The patch-clamp technique was used to examine the sensitivity of delayed rectifier K+ channels to changes in intracellular divalent cations (Mg2+ and Ca2+). During voltage-step and ramp depolarizations, a delayed rectifier K+ current (I(K(dr))) was identified in renal, pulmonary, coronary, and colonic smooth muscle cells as a low-noise outward current that activated near -40 mV, was sensitive to 4-aminopyridine (4-AP), and was insensitive to charybdotoxin. During whole-cell voltage-clamp experiments in each of the cell types, the 4-AP-sensitiVe I(K(dr)) was significantly less in cells dialyzed with 10 mM Mg2+ as compared with cells in which no Mg2+ was added to the internal dialysis solution (P less-than-or-equal-to .05, n greater-than-or-equal-to 4).

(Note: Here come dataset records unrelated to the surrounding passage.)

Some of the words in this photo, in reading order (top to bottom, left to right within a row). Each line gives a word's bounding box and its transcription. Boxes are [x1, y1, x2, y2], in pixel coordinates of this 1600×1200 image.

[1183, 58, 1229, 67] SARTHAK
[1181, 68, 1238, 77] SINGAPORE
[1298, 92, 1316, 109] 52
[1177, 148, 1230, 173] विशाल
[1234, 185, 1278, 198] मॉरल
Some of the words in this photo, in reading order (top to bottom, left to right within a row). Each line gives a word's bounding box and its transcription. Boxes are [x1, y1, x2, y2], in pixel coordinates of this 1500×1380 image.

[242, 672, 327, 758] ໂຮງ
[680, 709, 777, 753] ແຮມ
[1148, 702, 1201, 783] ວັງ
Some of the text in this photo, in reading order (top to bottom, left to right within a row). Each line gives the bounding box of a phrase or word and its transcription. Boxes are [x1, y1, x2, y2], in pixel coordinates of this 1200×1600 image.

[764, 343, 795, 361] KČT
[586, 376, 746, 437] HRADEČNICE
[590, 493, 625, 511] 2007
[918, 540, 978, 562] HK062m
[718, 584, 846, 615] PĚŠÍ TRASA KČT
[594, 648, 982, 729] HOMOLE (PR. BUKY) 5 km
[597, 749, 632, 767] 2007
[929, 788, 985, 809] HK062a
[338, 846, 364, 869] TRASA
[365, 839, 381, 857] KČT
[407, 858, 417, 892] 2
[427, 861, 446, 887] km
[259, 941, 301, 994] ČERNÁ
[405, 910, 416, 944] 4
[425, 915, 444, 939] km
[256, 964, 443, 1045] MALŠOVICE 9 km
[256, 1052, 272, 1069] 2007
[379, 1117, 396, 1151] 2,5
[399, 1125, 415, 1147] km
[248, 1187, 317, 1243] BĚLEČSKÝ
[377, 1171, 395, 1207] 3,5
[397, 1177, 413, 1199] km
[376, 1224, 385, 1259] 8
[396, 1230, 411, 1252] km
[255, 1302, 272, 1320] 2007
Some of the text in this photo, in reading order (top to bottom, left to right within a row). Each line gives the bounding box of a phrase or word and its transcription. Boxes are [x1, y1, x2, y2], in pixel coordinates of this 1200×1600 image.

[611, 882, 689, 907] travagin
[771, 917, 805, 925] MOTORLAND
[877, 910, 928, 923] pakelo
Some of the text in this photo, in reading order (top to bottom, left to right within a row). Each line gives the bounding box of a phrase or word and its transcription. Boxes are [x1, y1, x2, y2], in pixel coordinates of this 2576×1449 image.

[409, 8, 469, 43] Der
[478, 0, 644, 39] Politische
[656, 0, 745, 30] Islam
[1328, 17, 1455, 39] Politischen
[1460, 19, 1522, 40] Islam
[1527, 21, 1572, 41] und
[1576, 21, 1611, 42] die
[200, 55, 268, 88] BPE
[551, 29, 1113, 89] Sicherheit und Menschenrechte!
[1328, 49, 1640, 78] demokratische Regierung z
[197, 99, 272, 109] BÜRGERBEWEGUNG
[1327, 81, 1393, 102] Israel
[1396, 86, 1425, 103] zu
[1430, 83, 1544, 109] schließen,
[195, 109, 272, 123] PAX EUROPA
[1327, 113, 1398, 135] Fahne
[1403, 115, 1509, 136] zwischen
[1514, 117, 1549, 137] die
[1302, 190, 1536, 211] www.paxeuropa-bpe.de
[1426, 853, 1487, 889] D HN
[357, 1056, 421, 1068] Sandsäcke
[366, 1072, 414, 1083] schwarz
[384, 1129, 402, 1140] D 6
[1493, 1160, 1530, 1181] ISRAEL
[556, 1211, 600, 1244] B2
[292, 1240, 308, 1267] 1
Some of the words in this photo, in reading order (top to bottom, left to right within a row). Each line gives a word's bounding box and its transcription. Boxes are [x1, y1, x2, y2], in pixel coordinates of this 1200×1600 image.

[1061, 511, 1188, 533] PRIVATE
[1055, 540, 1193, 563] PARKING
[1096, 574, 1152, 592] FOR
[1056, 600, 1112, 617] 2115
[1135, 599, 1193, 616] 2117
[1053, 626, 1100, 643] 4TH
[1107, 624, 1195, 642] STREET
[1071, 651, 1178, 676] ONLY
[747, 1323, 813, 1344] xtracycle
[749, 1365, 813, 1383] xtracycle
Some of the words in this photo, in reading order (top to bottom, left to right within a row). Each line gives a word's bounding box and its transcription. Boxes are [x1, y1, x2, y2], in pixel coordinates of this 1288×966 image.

In coronary artery cells, 100 muM 2-(2-aminoethyl)pyridine (an H-1 receptor agonist) or 10 muM ryanodine, agents that cause an increase in [Ca2+]i, also caused a significant reduction of the 4-AP-sensitive I(K(dr)) similar to that produced by Mg2+. 4-AP (5 mM) significantly depolarized single renal arterial cells that were dialyzed with Mg2+-free solution but not those dialyzed with 10 mM Mg2+ (P<.01, n=4). In inside-out patches of renal arterial smooth muscle cells, with 200 nM charybdotoxin in the patch pipette to block large conductance Ca2+-activated K+ channels, a 59+/-10-picosiemen K+ channel that was sensitive to cytoplasmic Mg2+ was identified. In Mg2+-free solution, channel open probability was 0.028+/-0.012 (n=8) and 0.095+/-0.011 (n=8) at +40 and +80 mV, respectively. When the bath solution was changed to one containing 5 or 15 mM Mg2+, channel open probability was significantly reduced by 66% and 68% (+40 mV) or 93% and 96% (+80 mV), respectively. This decrease in the open probability of the delayed rectifier K+ channel resulted from a concentration- and voltage-dependent decrease in mean open time. At +40 mV, time constants for the open time distribution were significantly decreased from 5.5+/-0.52 to 1.2+/-0.14 milliseconds, whereas the closed time constant was significantly increased from 634+/-11.1 to 820+/-14.4 milliseconds (P<.01, n=4). It is concluded that a 4-AP-sensitive delayed rectifier K+ channel in both vascular and visceral smooth muscle cells is modulated by changes in intracellular Ca2+ and Mg2+ that may alter membrane potential and the contractile state of smooth muscle.